Innovation will always be driven by the people within an organisation. It’s easy to pay lip service to the need for more innovative services as well as the technology that enables innovation but unless change is driven from the inside, these innovations will never get the support they need to flourish. Sometimes a good idea is the easy part of being innovative, whereas finding the time to actually put the idea into action can be the major hurdle.

Capability development is another area that we know from research has an immediate need in the public sector, particularly within middle management. Middle managers are frequently asked to step up and take on a more diverse portfolio of responsibilities and there are currently significant capability gaps for this reason.

The ongoing push for greater efficiency across the public sector is also causing low levels of engagement as agencies are increasingly asked to do more with less. From our own experience, we know that one of the best ways to build engagement is to move away from a task focus to a clearer focus on people through skills development, which in turn builds self-efficacy and confidence.
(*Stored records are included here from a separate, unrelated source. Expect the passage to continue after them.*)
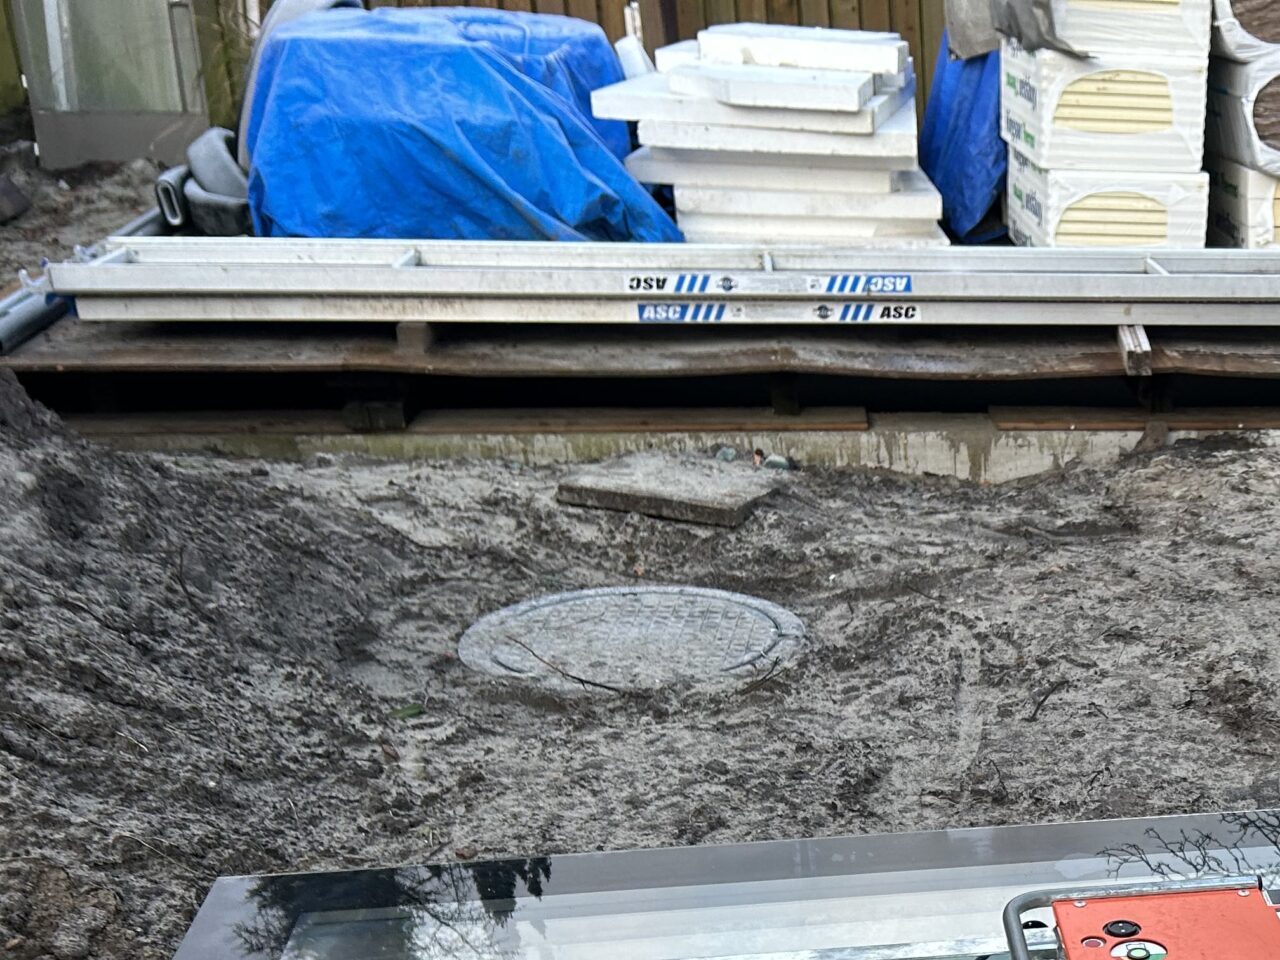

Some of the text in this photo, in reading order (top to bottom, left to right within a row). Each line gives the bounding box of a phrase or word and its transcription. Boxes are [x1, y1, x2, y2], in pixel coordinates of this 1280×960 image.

[628, 275, 667, 291] ASC
[869, 276, 908, 292] ASC
[642, 304, 683, 320] ASC
[879, 304, 917, 319] ASC
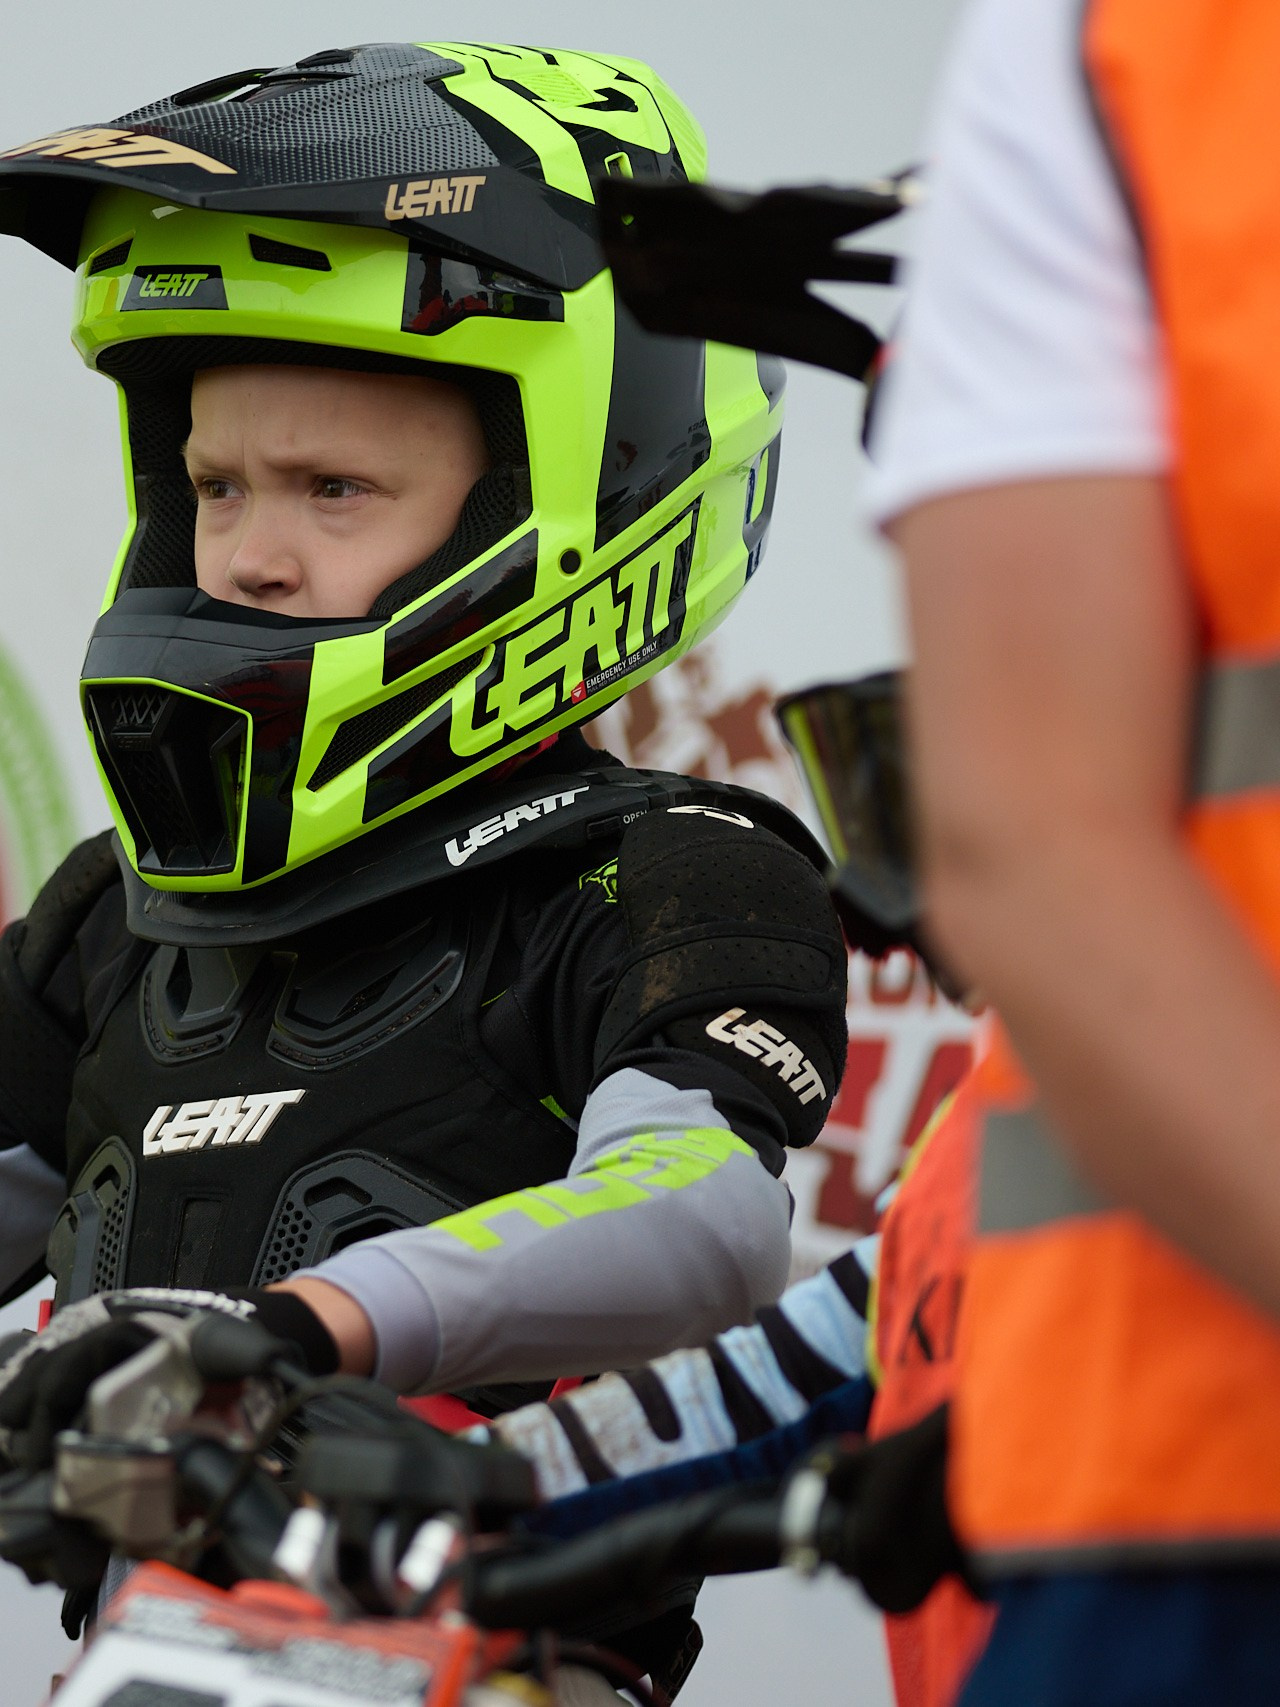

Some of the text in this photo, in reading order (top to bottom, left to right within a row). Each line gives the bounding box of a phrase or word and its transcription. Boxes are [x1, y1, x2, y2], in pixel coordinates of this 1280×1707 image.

By providing public sector managers with the knowledges sets and essential skills they need to operate as effective managers and leaders, agencies will then be able to see significant improvements in engagement which will have a flow on effect for improving efficiency and empowering innovation. When we enable managers to operate at their full capability, we empower them to find new and innovative ways of operating our organisations for the better.

AIM has a long and proud association with the public sector, working with a cross-section of organisations, both at state and federal level, providing organisation-wide development programs for public sector managers, senior managers and executives. Our expertise draws from a wealth of knowledge from the Centre for Public Management (CPM), an AIM division with more than 20 years’ experience at the heart of the public sector.